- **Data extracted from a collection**
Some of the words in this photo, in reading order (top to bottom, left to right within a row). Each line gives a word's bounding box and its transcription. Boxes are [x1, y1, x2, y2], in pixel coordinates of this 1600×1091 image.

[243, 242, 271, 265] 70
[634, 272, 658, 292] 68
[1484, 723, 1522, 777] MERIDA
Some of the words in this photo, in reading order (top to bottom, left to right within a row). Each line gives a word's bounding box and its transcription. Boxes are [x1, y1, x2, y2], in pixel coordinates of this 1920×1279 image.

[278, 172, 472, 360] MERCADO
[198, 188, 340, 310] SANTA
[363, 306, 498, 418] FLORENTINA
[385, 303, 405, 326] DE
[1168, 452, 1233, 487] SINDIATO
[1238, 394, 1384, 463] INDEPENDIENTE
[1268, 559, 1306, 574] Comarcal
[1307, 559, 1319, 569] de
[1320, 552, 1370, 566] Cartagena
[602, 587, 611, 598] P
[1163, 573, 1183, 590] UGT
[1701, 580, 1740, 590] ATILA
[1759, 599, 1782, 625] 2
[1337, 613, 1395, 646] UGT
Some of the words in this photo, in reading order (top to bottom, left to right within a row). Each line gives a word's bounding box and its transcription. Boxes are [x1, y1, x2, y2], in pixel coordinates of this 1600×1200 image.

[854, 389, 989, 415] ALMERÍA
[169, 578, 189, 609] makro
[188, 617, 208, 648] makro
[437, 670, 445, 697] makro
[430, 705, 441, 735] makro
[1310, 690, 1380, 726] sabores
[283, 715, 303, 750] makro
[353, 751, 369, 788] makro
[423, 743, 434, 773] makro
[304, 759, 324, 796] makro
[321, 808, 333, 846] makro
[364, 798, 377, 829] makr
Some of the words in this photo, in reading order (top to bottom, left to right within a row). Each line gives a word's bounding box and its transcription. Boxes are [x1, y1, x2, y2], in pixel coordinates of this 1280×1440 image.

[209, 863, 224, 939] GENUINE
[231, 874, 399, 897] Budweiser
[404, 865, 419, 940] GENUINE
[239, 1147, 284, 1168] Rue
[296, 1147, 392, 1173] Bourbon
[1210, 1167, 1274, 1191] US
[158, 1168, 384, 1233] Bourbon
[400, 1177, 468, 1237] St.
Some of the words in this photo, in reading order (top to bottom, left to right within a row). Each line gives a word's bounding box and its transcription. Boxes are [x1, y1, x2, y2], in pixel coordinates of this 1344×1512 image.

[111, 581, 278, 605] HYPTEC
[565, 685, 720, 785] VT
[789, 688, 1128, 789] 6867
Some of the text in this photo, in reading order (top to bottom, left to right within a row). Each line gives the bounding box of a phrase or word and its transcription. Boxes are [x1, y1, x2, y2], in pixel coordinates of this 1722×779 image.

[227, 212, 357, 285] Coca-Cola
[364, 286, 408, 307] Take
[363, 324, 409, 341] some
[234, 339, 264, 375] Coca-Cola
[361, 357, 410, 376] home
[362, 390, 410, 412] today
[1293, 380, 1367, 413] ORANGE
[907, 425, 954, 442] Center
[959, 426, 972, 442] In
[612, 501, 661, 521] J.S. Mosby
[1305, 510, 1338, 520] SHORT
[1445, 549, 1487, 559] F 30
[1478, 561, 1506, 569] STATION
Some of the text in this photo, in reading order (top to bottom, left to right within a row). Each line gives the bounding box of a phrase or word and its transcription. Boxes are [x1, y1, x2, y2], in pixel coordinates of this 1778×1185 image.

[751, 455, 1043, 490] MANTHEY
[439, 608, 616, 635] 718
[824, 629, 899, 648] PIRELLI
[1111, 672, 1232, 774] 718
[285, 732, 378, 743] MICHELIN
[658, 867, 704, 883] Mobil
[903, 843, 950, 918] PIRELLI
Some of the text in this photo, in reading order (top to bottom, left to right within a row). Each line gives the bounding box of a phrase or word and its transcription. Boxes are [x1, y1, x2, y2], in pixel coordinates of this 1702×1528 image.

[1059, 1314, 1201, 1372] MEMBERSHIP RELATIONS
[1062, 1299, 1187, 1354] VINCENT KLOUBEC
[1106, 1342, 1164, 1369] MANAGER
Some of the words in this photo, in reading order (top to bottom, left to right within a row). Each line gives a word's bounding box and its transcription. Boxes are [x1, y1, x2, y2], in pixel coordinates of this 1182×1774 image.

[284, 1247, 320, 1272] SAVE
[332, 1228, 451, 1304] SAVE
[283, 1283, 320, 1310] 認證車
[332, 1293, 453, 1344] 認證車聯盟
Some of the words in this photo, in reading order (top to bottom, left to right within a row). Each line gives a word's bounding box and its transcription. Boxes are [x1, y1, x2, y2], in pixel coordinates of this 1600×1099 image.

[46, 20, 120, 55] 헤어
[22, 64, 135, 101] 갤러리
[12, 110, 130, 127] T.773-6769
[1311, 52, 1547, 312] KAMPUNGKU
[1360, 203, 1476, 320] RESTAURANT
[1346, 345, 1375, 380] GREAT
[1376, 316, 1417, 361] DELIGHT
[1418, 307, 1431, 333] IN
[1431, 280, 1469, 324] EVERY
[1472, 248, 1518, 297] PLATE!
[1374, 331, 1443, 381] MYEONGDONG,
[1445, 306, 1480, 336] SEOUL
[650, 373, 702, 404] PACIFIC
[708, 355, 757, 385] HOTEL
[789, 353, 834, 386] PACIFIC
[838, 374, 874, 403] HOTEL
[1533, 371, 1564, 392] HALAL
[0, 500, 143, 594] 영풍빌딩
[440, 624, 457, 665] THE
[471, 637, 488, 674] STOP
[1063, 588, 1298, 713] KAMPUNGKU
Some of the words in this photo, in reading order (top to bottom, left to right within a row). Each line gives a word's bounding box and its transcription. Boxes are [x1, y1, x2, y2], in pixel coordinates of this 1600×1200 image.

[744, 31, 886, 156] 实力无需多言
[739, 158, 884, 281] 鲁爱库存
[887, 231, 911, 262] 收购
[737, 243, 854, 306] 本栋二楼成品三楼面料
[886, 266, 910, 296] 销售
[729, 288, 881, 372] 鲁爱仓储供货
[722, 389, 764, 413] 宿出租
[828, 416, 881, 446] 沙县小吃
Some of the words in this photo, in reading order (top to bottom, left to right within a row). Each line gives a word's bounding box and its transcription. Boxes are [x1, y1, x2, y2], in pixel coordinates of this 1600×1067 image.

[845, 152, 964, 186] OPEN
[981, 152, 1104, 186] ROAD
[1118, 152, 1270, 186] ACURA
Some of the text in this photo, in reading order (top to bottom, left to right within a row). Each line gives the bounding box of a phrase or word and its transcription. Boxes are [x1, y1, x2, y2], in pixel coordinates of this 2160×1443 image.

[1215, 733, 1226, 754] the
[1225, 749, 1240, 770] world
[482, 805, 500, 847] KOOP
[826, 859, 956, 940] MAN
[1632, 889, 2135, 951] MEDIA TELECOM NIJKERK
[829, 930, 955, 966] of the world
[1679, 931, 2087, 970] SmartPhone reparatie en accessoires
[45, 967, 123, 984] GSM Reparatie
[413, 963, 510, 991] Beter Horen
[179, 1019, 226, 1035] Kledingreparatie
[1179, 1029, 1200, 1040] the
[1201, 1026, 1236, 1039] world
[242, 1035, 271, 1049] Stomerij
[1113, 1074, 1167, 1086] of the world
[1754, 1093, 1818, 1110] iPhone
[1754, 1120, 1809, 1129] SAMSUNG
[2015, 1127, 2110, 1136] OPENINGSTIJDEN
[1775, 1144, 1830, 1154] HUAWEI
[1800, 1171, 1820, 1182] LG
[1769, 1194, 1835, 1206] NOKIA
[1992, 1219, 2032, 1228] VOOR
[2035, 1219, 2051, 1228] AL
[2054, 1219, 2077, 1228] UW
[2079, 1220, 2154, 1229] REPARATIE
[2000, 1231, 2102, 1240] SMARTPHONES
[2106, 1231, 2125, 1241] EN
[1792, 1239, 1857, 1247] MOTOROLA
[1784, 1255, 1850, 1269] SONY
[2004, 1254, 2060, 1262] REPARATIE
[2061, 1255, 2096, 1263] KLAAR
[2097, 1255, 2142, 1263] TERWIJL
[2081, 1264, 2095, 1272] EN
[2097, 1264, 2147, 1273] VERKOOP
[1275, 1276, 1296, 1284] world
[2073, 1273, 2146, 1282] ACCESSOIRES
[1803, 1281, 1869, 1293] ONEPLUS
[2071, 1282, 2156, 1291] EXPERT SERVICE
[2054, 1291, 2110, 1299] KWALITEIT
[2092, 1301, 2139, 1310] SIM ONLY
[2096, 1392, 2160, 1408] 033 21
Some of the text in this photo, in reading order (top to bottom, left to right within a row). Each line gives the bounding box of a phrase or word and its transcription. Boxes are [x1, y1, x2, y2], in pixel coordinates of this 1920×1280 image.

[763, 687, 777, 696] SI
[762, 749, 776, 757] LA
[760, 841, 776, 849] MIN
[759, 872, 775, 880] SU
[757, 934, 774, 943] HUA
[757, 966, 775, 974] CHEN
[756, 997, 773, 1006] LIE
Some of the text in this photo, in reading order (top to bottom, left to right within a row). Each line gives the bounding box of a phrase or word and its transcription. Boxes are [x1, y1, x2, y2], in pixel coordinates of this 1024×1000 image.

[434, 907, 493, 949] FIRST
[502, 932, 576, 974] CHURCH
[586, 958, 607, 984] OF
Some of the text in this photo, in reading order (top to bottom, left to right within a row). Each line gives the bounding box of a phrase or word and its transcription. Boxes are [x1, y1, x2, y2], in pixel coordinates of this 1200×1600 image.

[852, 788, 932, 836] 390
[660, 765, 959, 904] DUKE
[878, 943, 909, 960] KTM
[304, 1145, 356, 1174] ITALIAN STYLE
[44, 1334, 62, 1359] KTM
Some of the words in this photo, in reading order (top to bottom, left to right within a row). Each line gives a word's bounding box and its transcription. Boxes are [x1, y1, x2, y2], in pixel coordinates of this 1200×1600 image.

- **EXERCISE**
In the records above, find the line containing "this 1024×1000 image." and print it and every later line exactly, through the last one.

- **FINISHED TASK**
Some of the text in this photo, in reading order (top to bottom, left to right within a row). Each line gives the bounding box of a phrase or word and its transcription. Boxes are [x1, y1, x2, y2], in pixel coordinates of this 1024×1000 image.

[434, 907, 493, 949] FIRST
[502, 932, 576, 974] CHURCH
[586, 958, 607, 984] OF
Some of the text in this photo, in reading order (top to bottom, left to right within a row). Each line gives the bounding box of a phrase or word and its transcription. Boxes are [x1, y1, x2, y2], in pixel coordinates of this 1200×1600 image.

[852, 788, 932, 836] 390
[660, 765, 959, 904] DUKE
[878, 943, 909, 960] KTM
[304, 1145, 356, 1174] ITALIAN STYLE
[44, 1334, 62, 1359] KTM
Some of the words in this photo, in reading order (top to bottom, left to right within a row). Each line gives a word's bounding box and its transcription. Boxes are [x1, y1, x2, y2], in pixel coordinates of this 1200×1600 image.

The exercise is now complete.